_Exercise goal_
Copy every line below precisely, leaving nothing out.
# # # #
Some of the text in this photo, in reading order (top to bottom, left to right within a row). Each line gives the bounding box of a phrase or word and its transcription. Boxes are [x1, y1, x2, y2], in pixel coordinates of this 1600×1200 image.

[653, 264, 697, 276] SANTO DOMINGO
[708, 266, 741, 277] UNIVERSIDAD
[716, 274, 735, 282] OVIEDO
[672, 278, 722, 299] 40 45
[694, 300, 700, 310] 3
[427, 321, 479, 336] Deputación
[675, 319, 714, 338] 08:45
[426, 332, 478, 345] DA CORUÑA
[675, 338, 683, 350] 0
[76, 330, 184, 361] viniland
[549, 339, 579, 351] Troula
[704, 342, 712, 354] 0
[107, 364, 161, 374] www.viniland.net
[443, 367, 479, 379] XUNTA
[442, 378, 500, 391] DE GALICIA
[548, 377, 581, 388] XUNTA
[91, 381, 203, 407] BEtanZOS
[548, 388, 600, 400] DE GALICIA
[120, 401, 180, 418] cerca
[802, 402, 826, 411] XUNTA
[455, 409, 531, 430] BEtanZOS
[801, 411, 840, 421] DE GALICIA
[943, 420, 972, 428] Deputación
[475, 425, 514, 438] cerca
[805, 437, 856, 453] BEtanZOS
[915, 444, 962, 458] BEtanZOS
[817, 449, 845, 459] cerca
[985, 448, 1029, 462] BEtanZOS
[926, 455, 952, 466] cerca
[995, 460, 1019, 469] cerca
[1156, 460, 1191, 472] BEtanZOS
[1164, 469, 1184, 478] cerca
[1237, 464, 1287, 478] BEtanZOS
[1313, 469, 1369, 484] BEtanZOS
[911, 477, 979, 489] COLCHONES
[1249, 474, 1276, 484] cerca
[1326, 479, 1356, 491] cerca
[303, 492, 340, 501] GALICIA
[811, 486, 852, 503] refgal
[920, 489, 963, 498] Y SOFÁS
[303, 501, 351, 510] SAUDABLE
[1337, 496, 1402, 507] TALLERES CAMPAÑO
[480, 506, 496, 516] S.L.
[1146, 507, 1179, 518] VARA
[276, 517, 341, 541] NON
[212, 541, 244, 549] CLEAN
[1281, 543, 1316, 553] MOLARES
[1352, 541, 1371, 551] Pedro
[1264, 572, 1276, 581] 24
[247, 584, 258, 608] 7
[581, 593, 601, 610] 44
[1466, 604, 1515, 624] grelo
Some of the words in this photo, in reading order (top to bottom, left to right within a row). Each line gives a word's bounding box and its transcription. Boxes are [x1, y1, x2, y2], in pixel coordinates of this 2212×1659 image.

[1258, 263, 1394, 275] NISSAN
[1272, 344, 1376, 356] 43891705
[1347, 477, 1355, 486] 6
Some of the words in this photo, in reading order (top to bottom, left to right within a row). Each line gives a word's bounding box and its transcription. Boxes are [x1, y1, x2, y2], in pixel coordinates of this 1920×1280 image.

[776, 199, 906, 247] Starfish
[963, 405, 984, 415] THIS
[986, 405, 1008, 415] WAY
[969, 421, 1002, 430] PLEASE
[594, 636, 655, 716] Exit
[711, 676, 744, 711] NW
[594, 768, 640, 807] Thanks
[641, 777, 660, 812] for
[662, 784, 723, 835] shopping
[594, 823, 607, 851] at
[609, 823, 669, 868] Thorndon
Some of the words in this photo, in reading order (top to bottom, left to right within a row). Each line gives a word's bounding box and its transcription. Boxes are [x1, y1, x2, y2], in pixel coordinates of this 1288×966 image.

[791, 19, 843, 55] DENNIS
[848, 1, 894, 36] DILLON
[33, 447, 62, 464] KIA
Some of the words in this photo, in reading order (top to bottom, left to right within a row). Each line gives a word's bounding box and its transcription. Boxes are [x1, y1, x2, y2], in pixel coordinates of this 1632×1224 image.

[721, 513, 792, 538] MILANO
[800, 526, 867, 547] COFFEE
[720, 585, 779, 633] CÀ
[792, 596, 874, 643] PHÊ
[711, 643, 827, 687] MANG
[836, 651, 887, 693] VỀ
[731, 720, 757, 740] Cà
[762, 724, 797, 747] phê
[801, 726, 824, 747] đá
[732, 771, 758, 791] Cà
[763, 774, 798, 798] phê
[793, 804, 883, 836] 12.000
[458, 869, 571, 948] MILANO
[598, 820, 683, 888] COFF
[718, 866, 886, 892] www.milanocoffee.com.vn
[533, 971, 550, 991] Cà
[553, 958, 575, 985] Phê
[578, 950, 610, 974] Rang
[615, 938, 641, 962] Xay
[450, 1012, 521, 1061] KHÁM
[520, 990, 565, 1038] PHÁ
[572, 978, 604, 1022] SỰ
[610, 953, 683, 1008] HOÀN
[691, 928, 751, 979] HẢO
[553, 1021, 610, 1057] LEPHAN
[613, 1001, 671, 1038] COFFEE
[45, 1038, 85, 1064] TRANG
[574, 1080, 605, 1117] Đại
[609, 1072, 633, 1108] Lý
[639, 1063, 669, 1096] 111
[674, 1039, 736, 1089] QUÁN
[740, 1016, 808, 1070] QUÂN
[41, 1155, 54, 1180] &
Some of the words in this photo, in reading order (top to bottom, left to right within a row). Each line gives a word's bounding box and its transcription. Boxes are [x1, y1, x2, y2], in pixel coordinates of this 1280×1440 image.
# # # #
_Task response_
Some of the text in this photo, in reading order (top to bottom, left to right within a row). Each line gives the bounding box of a phrase or word and its transcription. Boxes are [x1, y1, x2, y2], in pixel coordinates of this 1600×1200 image.

[653, 264, 697, 276] SANTO DOMINGO
[708, 266, 741, 277] UNIVERSIDAD
[716, 274, 735, 282] OVIEDO
[672, 278, 722, 299] 40 45
[694, 300, 700, 310] 3
[427, 321, 479, 336] Deputación
[675, 319, 714, 338] 08:45
[426, 332, 478, 345] DA CORUÑA
[675, 338, 683, 350] 0
[76, 330, 184, 361] viniland
[549, 339, 579, 351] Troula
[704, 342, 712, 354] 0
[107, 364, 161, 374] www.viniland.net
[443, 367, 479, 379] XUNTA
[442, 378, 500, 391] DE GALICIA
[548, 377, 581, 388] XUNTA
[91, 381, 203, 407] BEtanZOS
[548, 388, 600, 400] DE GALICIA
[120, 401, 180, 418] cerca
[802, 402, 826, 411] XUNTA
[455, 409, 531, 430] BEtanZOS
[801, 411, 840, 421] DE GALICIA
[943, 420, 972, 428] Deputación
[475, 425, 514, 438] cerca
[805, 437, 856, 453] BEtanZOS
[915, 444, 962, 458] BEtanZOS
[817, 449, 845, 459] cerca
[985, 448, 1029, 462] BEtanZOS
[926, 455, 952, 466] cerca
[995, 460, 1019, 469] cerca
[1156, 460, 1191, 472] BEtanZOS
[1164, 469, 1184, 478] cerca
[1237, 464, 1287, 478] BEtanZOS
[1313, 469, 1369, 484] BEtanZOS
[911, 477, 979, 489] COLCHONES
[1249, 474, 1276, 484] cerca
[1326, 479, 1356, 491] cerca
[303, 492, 340, 501] GALICIA
[811, 486, 852, 503] refgal
[920, 489, 963, 498] Y SOFÁS
[303, 501, 351, 510] SAUDABLE
[1337, 496, 1402, 507] TALLERES CAMPAÑO
[480, 506, 496, 516] S.L.
[1146, 507, 1179, 518] VARA
[276, 517, 341, 541] NON
[212, 541, 244, 549] CLEAN
[1281, 543, 1316, 553] MOLARES
[1352, 541, 1371, 551] Pedro
[1264, 572, 1276, 581] 24
[247, 584, 258, 608] 7
[581, 593, 601, 610] 44
[1466, 604, 1515, 624] grelo
Some of the words in this photo, in reading order (top to bottom, left to right within a row). Each line gives a word's bounding box and its transcription. Boxes are [x1, y1, x2, y2], in pixel coordinates of this 2212×1659 image.

[1258, 263, 1394, 275] NISSAN
[1272, 344, 1376, 356] 43891705
[1347, 477, 1355, 486] 6
Some of the words in this photo, in reading order (top to bottom, left to right within a row). Each line gives a word's bounding box and its transcription. Boxes are [x1, y1, x2, y2], in pixel coordinates of this 1920×1280 image.

[776, 199, 906, 247] Starfish
[963, 405, 984, 415] THIS
[986, 405, 1008, 415] WAY
[969, 421, 1002, 430] PLEASE
[594, 636, 655, 716] Exit
[711, 676, 744, 711] NW
[594, 768, 640, 807] Thanks
[641, 777, 660, 812] for
[662, 784, 723, 835] shopping
[594, 823, 607, 851] at
[609, 823, 669, 868] Thorndon
Some of the words in this photo, in reading order (top to bottom, left to right within a row). Each line gives a word's bounding box and its transcription. Boxes are [x1, y1, x2, y2], in pixel coordinates of this 1288×966 image.

[791, 19, 843, 55] DENNIS
[848, 1, 894, 36] DILLON
[33, 447, 62, 464] KIA
Some of the words in this photo, in reading order (top to bottom, left to right within a row). Each line gives a word's bounding box and its transcription. Boxes are [x1, y1, x2, y2], in pixel coordinates of this 1632×1224 image.

[721, 513, 792, 538] MILANO
[800, 526, 867, 547] COFFEE
[720, 585, 779, 633] CÀ
[792, 596, 874, 643] PHÊ
[711, 643, 827, 687] MANG
[836, 651, 887, 693] VỀ
[731, 720, 757, 740] Cà
[762, 724, 797, 747] phê
[801, 726, 824, 747] đá
[732, 771, 758, 791] Cà
[763, 774, 798, 798] phê
[793, 804, 883, 836] 12.000
[458, 869, 571, 948] MILANO
[598, 820, 683, 888] COFF
[718, 866, 886, 892] www.milanocoffee.com.vn
[533, 971, 550, 991] Cà
[553, 958, 575, 985] Phê
[578, 950, 610, 974] Rang
[615, 938, 641, 962] Xay
[450, 1012, 521, 1061] KHÁM
[520, 990, 565, 1038] PHÁ
[572, 978, 604, 1022] SỰ
[610, 953, 683, 1008] HOÀN
[691, 928, 751, 979] HẢO
[553, 1021, 610, 1057] LEPHAN
[613, 1001, 671, 1038] COFFEE
[45, 1038, 85, 1064] TRANG
[574, 1080, 605, 1117] Đại
[609, 1072, 633, 1108] Lý
[639, 1063, 669, 1096] 111
[674, 1039, 736, 1089] QUÁN
[740, 1016, 808, 1070] QUÂN
[41, 1155, 54, 1180] &
Some of the words in this photo, in reading order (top to bottom, left to right within a row). Each line gives a word's bounding box and its transcription. Boxes are [x1, y1, x2, y2], in pixel coordinates of this 1280×1440 image.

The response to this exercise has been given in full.